**WHAT IS NEEDED**. Line by line, retype the material exactly and leave each picture out.

**RECORDS**.
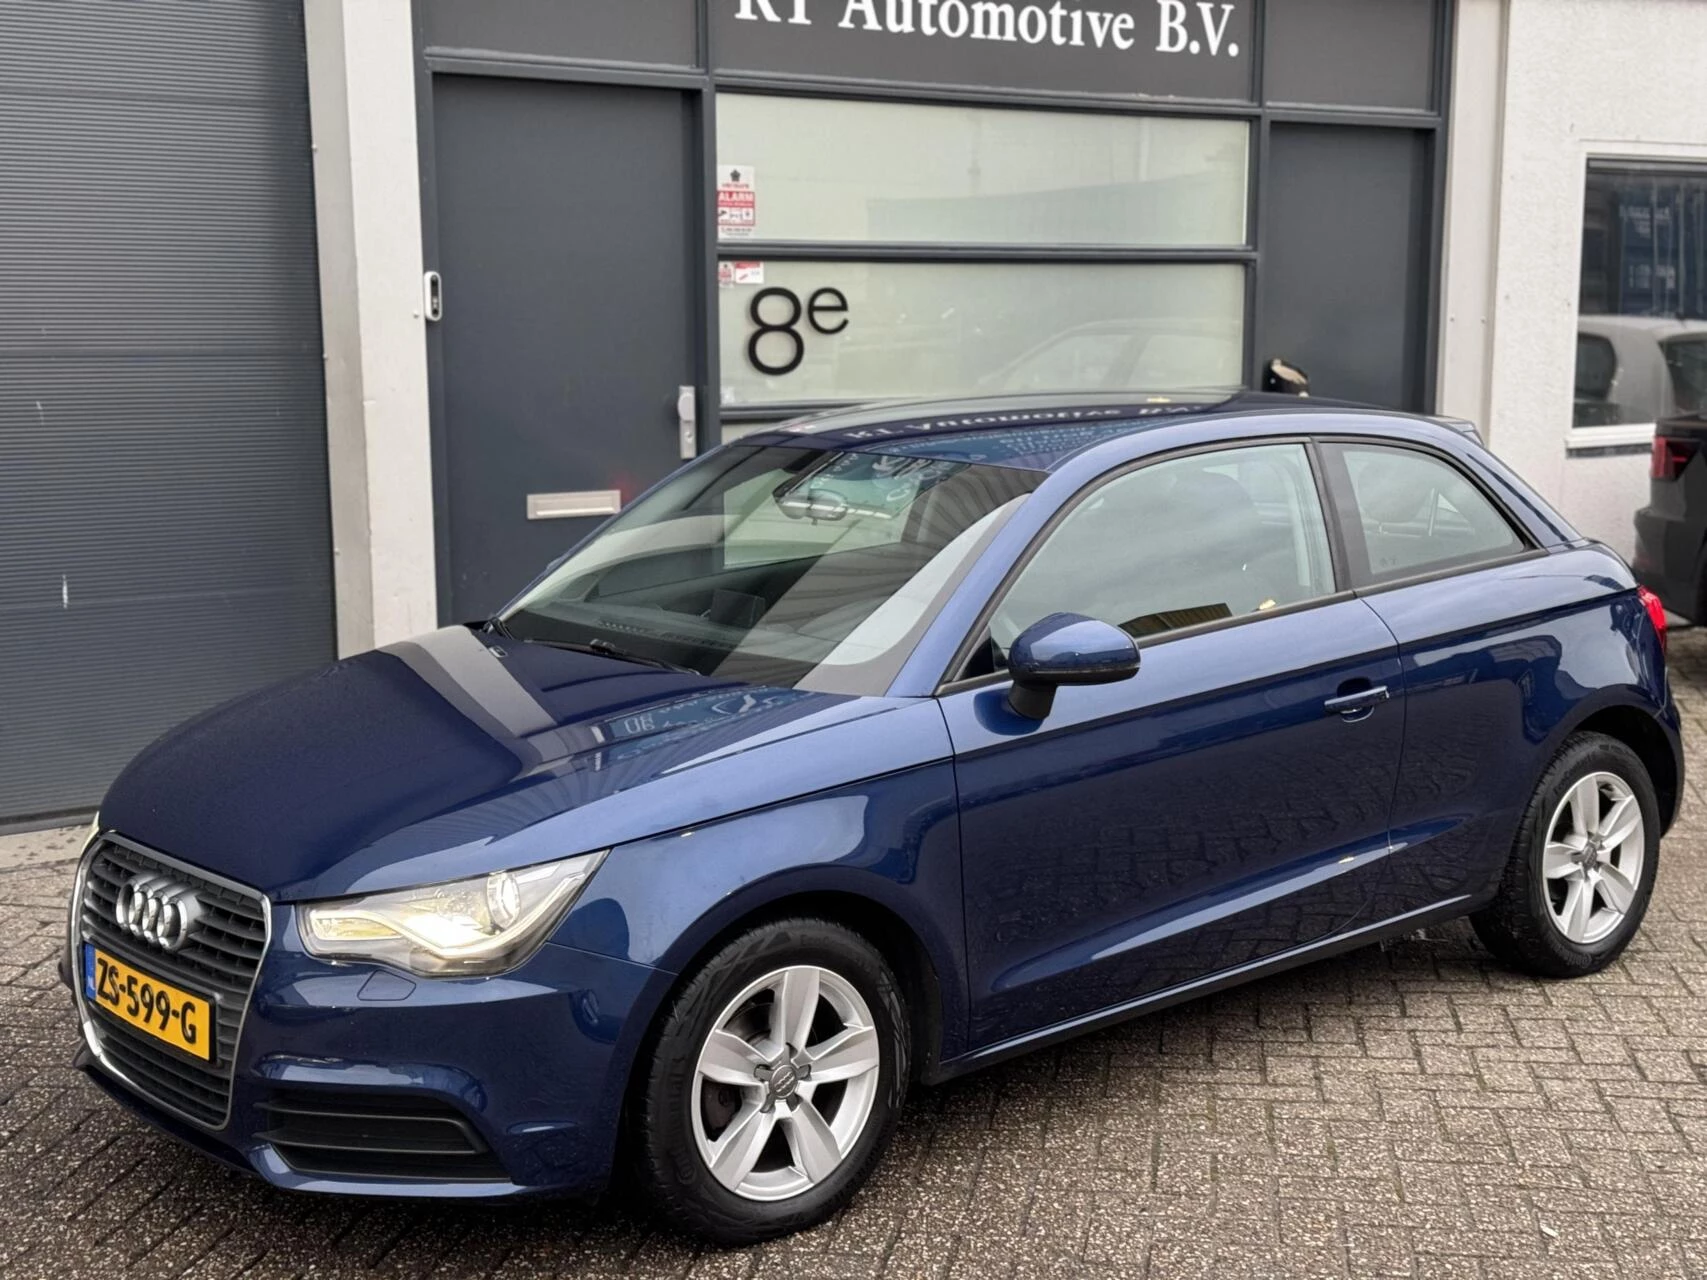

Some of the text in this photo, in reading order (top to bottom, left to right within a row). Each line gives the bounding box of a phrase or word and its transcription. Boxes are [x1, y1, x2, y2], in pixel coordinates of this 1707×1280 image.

[838, 0, 1135, 50] Automotive
[1155, 0, 1240, 57] B.V.
[718, 191, 754, 201] ALARM
[97, 957, 197, 1045] ZS-599-G

**RESULT**.
Some of the text in this photo, in reading order (top to bottom, left to right within a row). Each line gives the bounding box of a phrase or word and its transcription. Boxes are [x1, y1, x2, y2], in pixel coordinates of this 1707×1280 image.

[838, 0, 1135, 50] Automotive
[1155, 0, 1240, 57] B.V.
[718, 191, 754, 201] ALARM
[97, 957, 197, 1045] ZS-599-G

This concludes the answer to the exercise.